SES inicia Semana do Glaucoma e alerta para importância do diagnóstico precoce em Sergipe

10/03/2026 às 10:07:34
Felipe Goettenauer

A Secretaria de Estado da Saúde de Sergipe iniciou nesta segunda-feira (9) a Semana do Glaucoma, com o objetivo de conscientizar a população sobre a importância da prevenção e do diagnóstico precoce da doença. A iniciativa é realizada por meio do Centro Especializado em Reabilitação José Leonel Aquino e também busca reduzir o estigma relacionado à deficiência visual.

A ação reforça o papel do Sistema Único de Saúde no acompanhamento de pacientes em todas as etapas do cuidado, desde a prevenção até a reabilitação. Embora o CER IV atue principalmente com pessoas que já apresentam sequelas visuais, a unidade também desenvolve atividades educativas voltadas à conscientização da população.

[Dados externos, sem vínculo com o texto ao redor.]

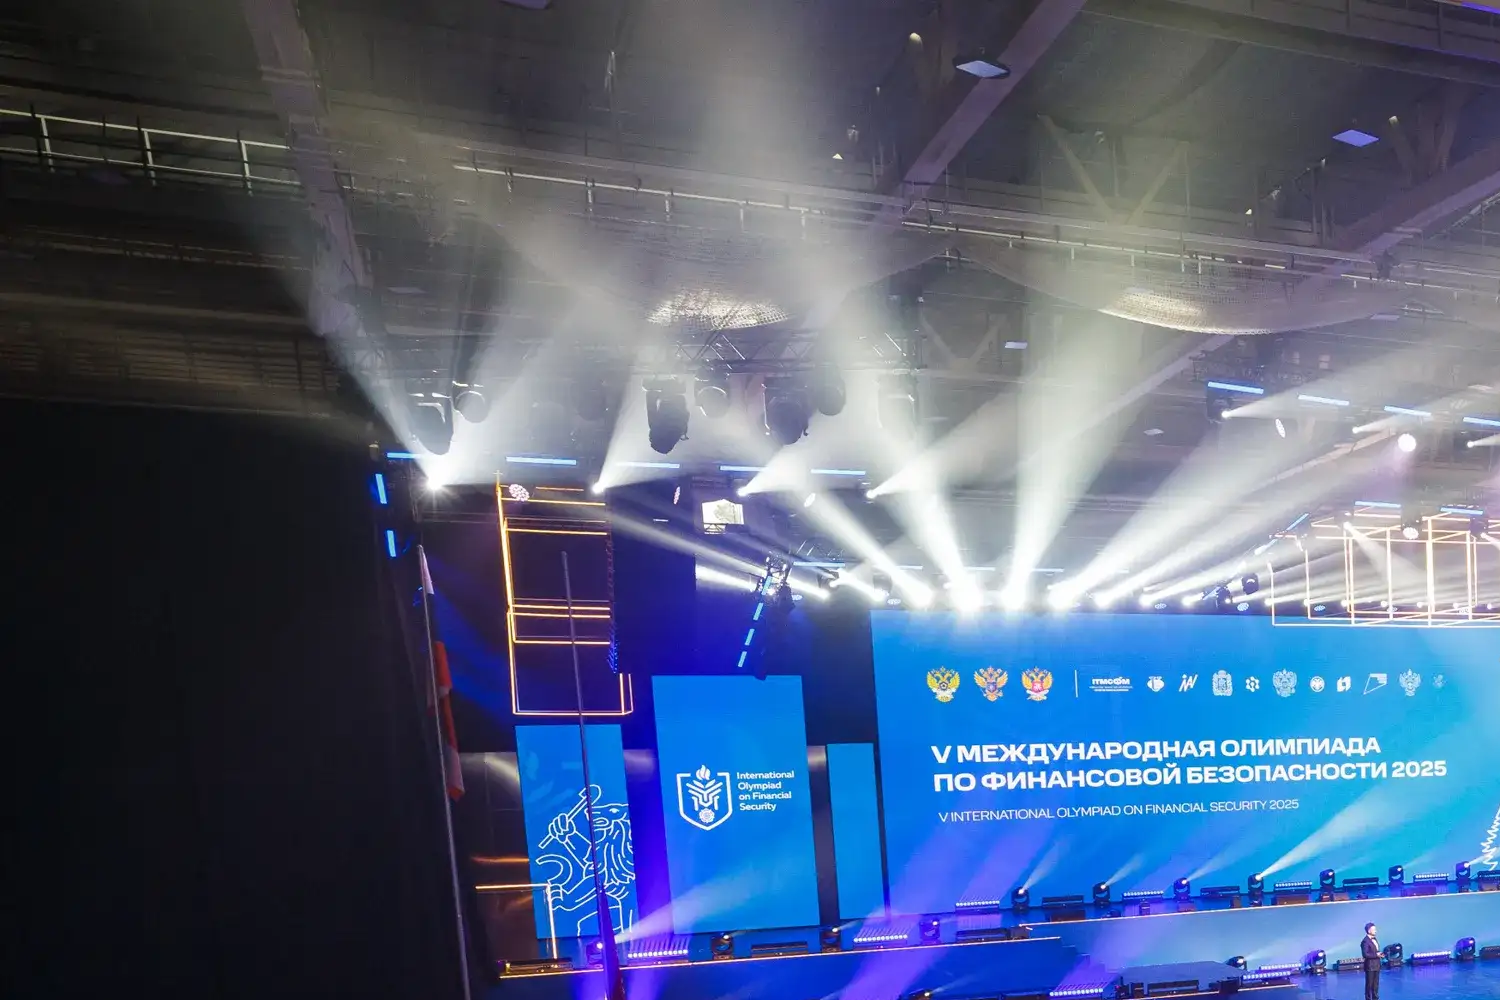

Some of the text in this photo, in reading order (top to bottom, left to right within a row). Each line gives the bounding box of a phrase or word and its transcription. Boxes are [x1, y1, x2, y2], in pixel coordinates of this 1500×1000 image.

Segundo a gestora operacional da Reabilitação Visual do CER IV, Ana Carolina de Jesus, a integração da rede de saúde é essencial para evitar que a doença avance.
“O ideal é que o paciente seja diagnosticado o quanto antes, evitando que chegue a um estágio em que precise de reabilitação. Por isso, durante a Semana do Glaucoma reforçamos a importância da prevenção e do acompanhamento oftalmológico regular”, destacou.

Doença silenciosa

De acordo com a Sociedade Brasileira de Glaucoma, entre 80% e 90% dos casos da doença não apresentam sintomas nas fases iniciais, o que torna o diagnóstico precoce ainda mais importante.

O glaucoma é uma doença crônica, sem cura, mas que pode ser controlada com tratamento contínuo. A oftalmologista do CER IV, Juliana Franca Machado, explica que os primeiros sinais costumam aparecer quando a doença já está mais avançada.

“O sintoma mais comum é a perda do campo visual. A pessoa pode começar a esbarrar em objetos ou perceber dificuldade para enxergar o que está nas laterais, porque a perda visual geralmente começa pela periferia”, afirmou.

Segundo a especialista, também existem casos mais raros, conhecidos como crise aguda de glaucoma, em que a pressão dentro do olho aumenta rapidamente, provocando dor intensa, vermelhidão, dor de cabeça forte, náuseas e vômitos. Nesses casos, o atendimento médico imediato é fundamental para evitar danos irreversíveis ao nervo óptico.

Importância do acompanhamento

A principal recomendação dos especialistas é realizar consultas oftalmológicas regularmente, pelo menos uma vez por ano. Para pacientes que já possuem diagnóstico de glaucoma, o acompanhamento pode ser mais frequente, dependendo da gravidade do caso.

A doença também pode ter fator hereditário, o que aumenta o risco para pessoas que têm histórico familiar. Ainda assim, mesmo quem não possui casos na família pode desenvolver o problema, o que reforça a importância dos exames preventivos.

O aposentado José Delfino de Sousa, de 63 anos, morador do município de Campo do Brito, relata que começou a perceber sintomas da doença em 2017.
“Quando procurei o médico, já fui informado de que o olho direito estava praticamente sem visão. Desde então sigo em tratamento. Hoje enxergo cerca de 30% a 40% com o olho esquerdo. Mesmo assim, o acompanhamento e o apoio da equipe ajudam muito no dia a dia”, contou.

Diagnóstico e tratamento

O diagnóstico do glaucoma é feito por meio de avaliação oftalmológica completa, que inclui a medição da pressão intraocular, exame de fundo de olho e exames complementares, como campo visual e Tomografia de Coerência Óptica.

Nos estágios iniciais, a perda visual costuma atingir a visão periférica. Com a evolução da doença, a visão central também pode ser comprometida, podendo levar à cegueira.

*Atendimento especializado*

O CER IV oferece serviços de reabilitação visual para pessoas com deficiência visual causada por glaucoma. Pacientes com diagnóstico da doença podem procurar inicialmente uma Unidade Básica de Saúde (UBS) para obter encaminhamento e realizar avaliação especializada.

Na unidade, os pacientes recebem acompanhamento de uma equipe multidisciplinar formada por terapeutas ocupacionais, fisioterapeutas, psicólogos e assistentes sociais.

Além dos atendimentos individuais, o centro também desenvolve atividades terapêuticas e projetos voltados à autonomia dos pacientes, incluindo grupos terapêuticos, práticas de pilates, treinamento de orientação e mobilidade e atividades voltadas para a rotina diária, contribuindo para a reabilitação e melhoria da qualidade de vida das pessoas com deficiência visual.